__Exercise directions__
Pictures don't belong in the copy; print all the records exactly.

Stored data entries:
══════

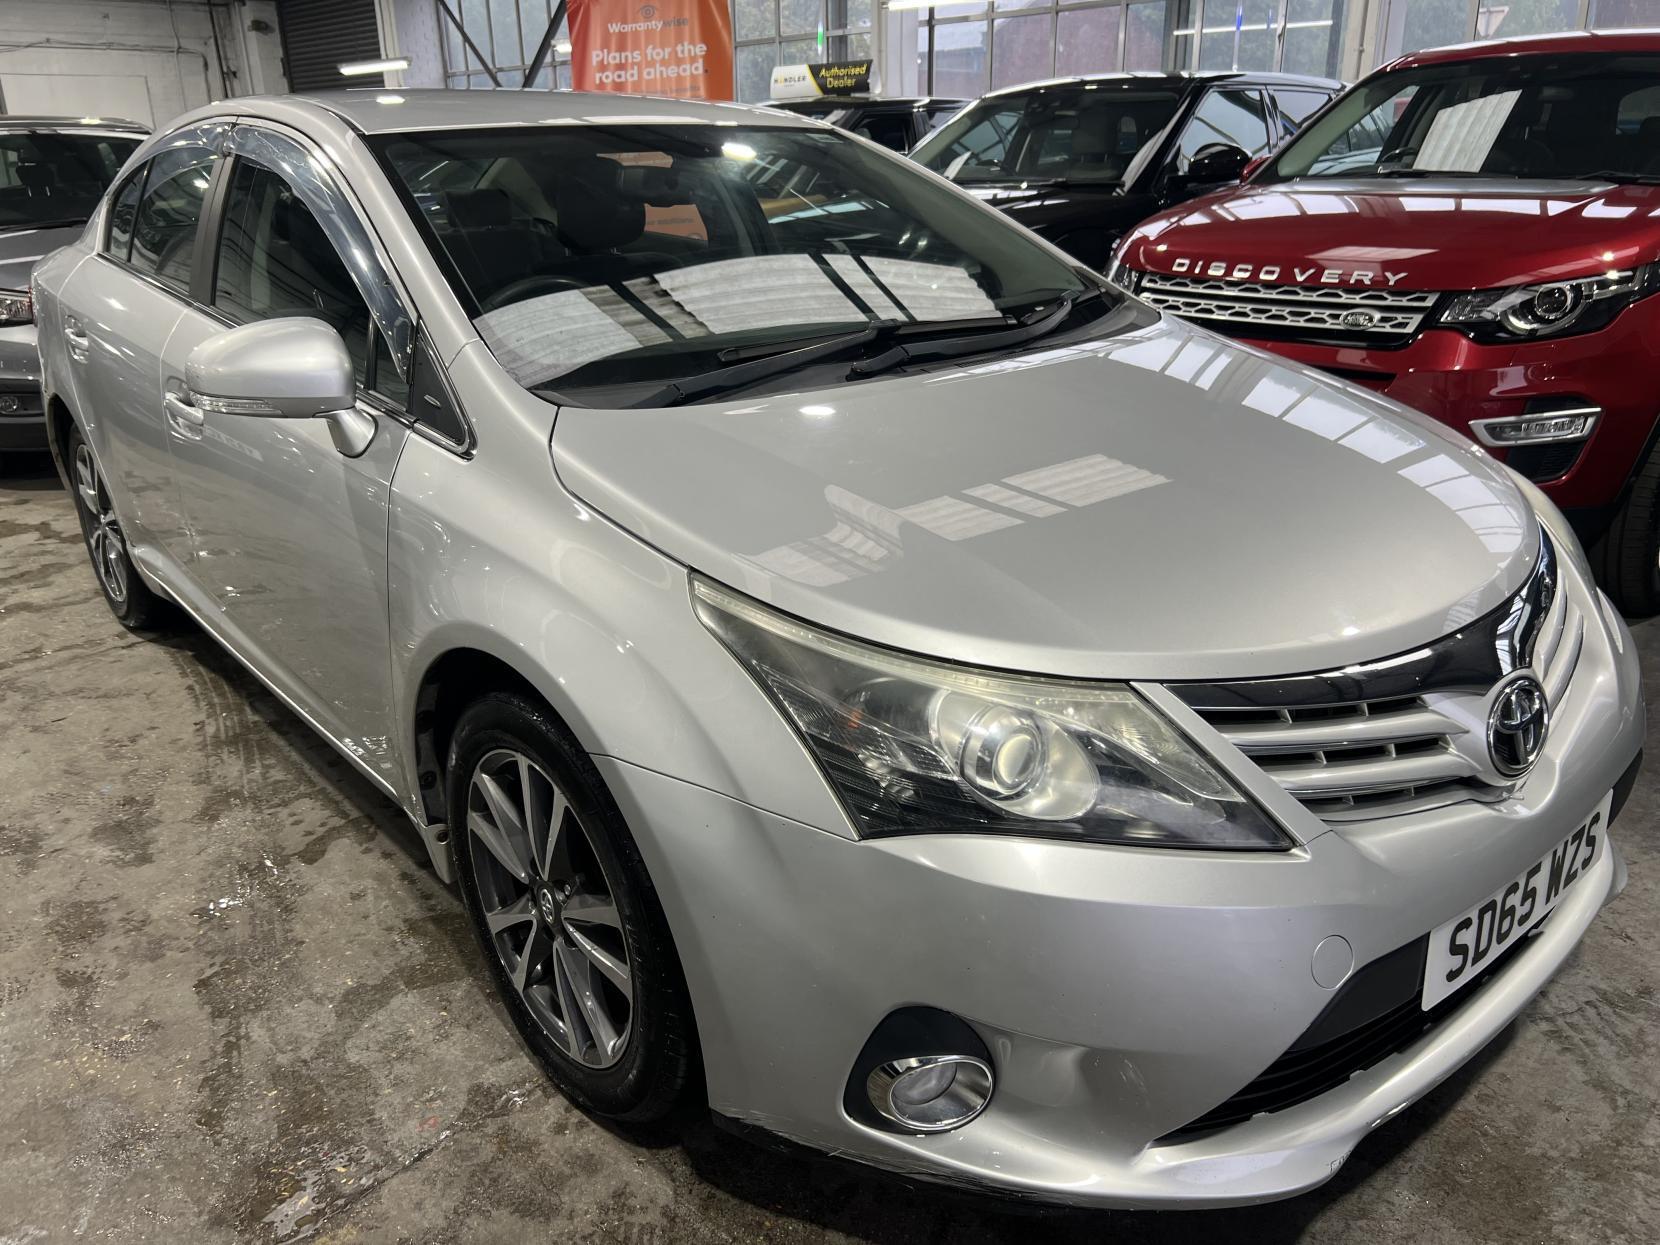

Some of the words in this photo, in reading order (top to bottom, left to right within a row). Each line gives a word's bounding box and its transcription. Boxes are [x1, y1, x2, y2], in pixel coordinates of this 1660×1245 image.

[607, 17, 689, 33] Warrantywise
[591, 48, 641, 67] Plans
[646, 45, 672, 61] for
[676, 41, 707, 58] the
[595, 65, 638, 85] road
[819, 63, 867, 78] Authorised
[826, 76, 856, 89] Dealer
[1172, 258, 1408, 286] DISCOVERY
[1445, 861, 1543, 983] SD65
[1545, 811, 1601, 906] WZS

══════

__Your solution__
Some of the words in this photo, in reading order (top to bottom, left to right within a row). Each line gives a word's bounding box and its transcription. Boxes are [x1, y1, x2, y2], in pixel coordinates of this 1660×1245 image.

[607, 17, 689, 33] Warrantywise
[591, 48, 641, 67] Plans
[646, 45, 672, 61] for
[676, 41, 707, 58] the
[595, 65, 638, 85] road
[819, 63, 867, 78] Authorised
[826, 76, 856, 89] Dealer
[1172, 258, 1408, 286] DISCOVERY
[1445, 861, 1543, 983] SD65
[1545, 811, 1601, 906] WZS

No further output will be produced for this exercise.